I do miss here the stares, whistles and muttered remarks of men in European streets. Unsolicited male approval is satisfying, whatever our personal politics. Without the countless occasions where the body feels alive and noticed, in libraries, restaurants, banks, elevators, cabs, anywhere public, American women have nothing to judge themselves by but prefab images of photographically idealized elongated supermodels, and when they fall short of that hyperreal unnatural standard they seek refuge in some disorder that can disqualify them from the nerve-rending competition-or they literally "die" trying to catch up. American beauty standards are far too limited and boring, but that is another topic of neopuritanical repression.
As a feminist intellectual, I protest the naive pretense that our minds don't live in our bodies, that we respond to each other's minds independently of each other's bodies, and that, on the other extreme, what we sexually desire in each other is the body alone; that professors (including priests) can teach and students can learn without their bodies ever being present in the classroom, that bosses and employees and colleagues can interact professionally without their bodies ever being present in the office or factory; and that, miraculously, those bodies can suddenly turn sexual in private bedrooms at the end of the day with the right consenting adult, after they've been utterly repressed and sublimated and forgotten all day.

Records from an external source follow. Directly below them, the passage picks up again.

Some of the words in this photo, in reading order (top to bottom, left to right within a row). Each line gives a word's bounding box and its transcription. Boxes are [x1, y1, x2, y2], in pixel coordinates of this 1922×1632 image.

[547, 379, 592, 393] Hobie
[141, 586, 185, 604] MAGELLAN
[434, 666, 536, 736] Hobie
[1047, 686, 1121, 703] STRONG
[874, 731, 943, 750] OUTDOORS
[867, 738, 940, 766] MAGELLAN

I resent the assumption that every woman is in a position of weakness and must be protected by courts and other authorities. I resent the assumption made by our molestation-or-harassment laws that sex is evil, destructive, hurtful. All sexual coercion is repulsive, and I'm glad we have laws guarding us against it. But coercion shouldn't just be assumed from the nature of an encounter and its apparent power dynamics. Not all sexual relationships are or should be "equal." Not all sexual desires are or should be "healthy." Not all power plays or sexual desires are black-and-white and simple to read. Sometimes we even want what we hate. Sometimes we tame and conquer our own demons through the partners we choose, and sometimes we choose as partners demons we hope to conquer and tame. The great democracy of the body is that sex renders equal (and vulnerable) people of the most diverse levels and backgrounds. By trying to prevent all possible coercion, we risk losing a vast dimension of human existence, namely the language of our bodies-the thousand voices of bodies, which vary exquisitely from culture to culture and class to class and milieu to milieu, through which, endlessly, women and men ask and answer questions about each other, suggest, confess, touch, light up, and manifest wonder, admiration, tenderness, arousal, defiance, delight, life. And loss of sex in workplace and school and family may have tremendous ramifications in the 21st century, rendering our sex lives into desensitized, sterile, plebeian duties-nothing more.

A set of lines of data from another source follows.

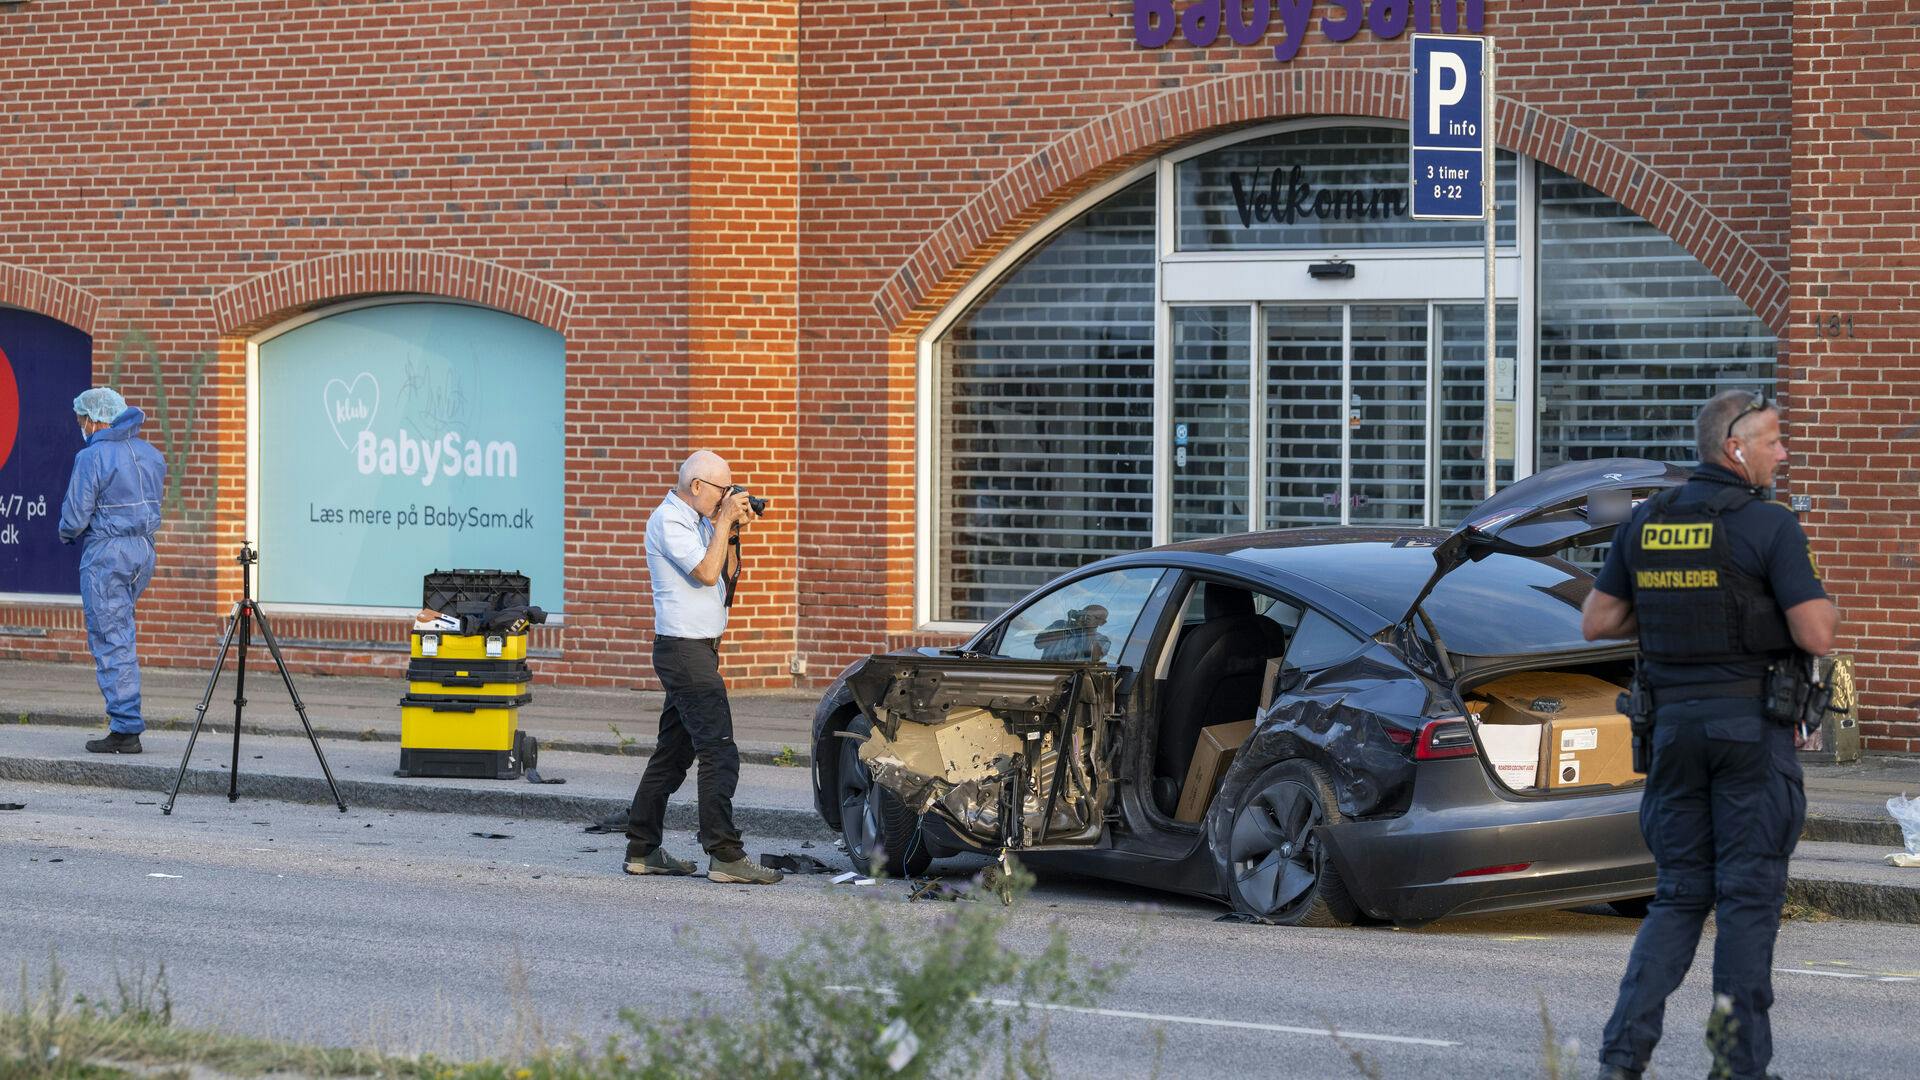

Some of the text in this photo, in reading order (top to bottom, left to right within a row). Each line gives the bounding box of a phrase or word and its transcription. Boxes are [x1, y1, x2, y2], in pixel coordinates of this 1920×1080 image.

[1429, 52, 1476, 136] P info
[1427, 165, 1469, 180] 3 timer
[1230, 162, 1409, 229] Velkomm
[1434, 185, 1462, 199] 8-22
[336, 398, 368, 423] klub
[358, 428, 517, 487] BabySam
[27, 495, 46, 520] på
[310, 503, 534, 532] Læs mere på BabySam.dk
[1644, 528, 1710, 546] POLITI

Even though I was once raped under physical threat, I unequivocally feel capable of policing myself. I can't conceive of resorting to lawsuit in response to a mating call. I also refuse to put a monetary value on a personal trauma-that would both trivialize it and exaggerate it beyond any 'real' proportion. Sex is not pampering. That may be a movie version. Sex is our most important evolutionary task. I don't want to live in a world where life at school, on the job, in the neighbourhood, in the cafeteria, on the subway, on a daily basis, is robbed of spontaneous sensuality, and in return breeds secret aberration or compulsion. Loss is a central part of life. The unexpected is the beauty of life. Those are central lessons to be learned. There are no rules of moral conduct more important than mutual generosity and pleasure. And those we learn-and improve on-only by trial and error.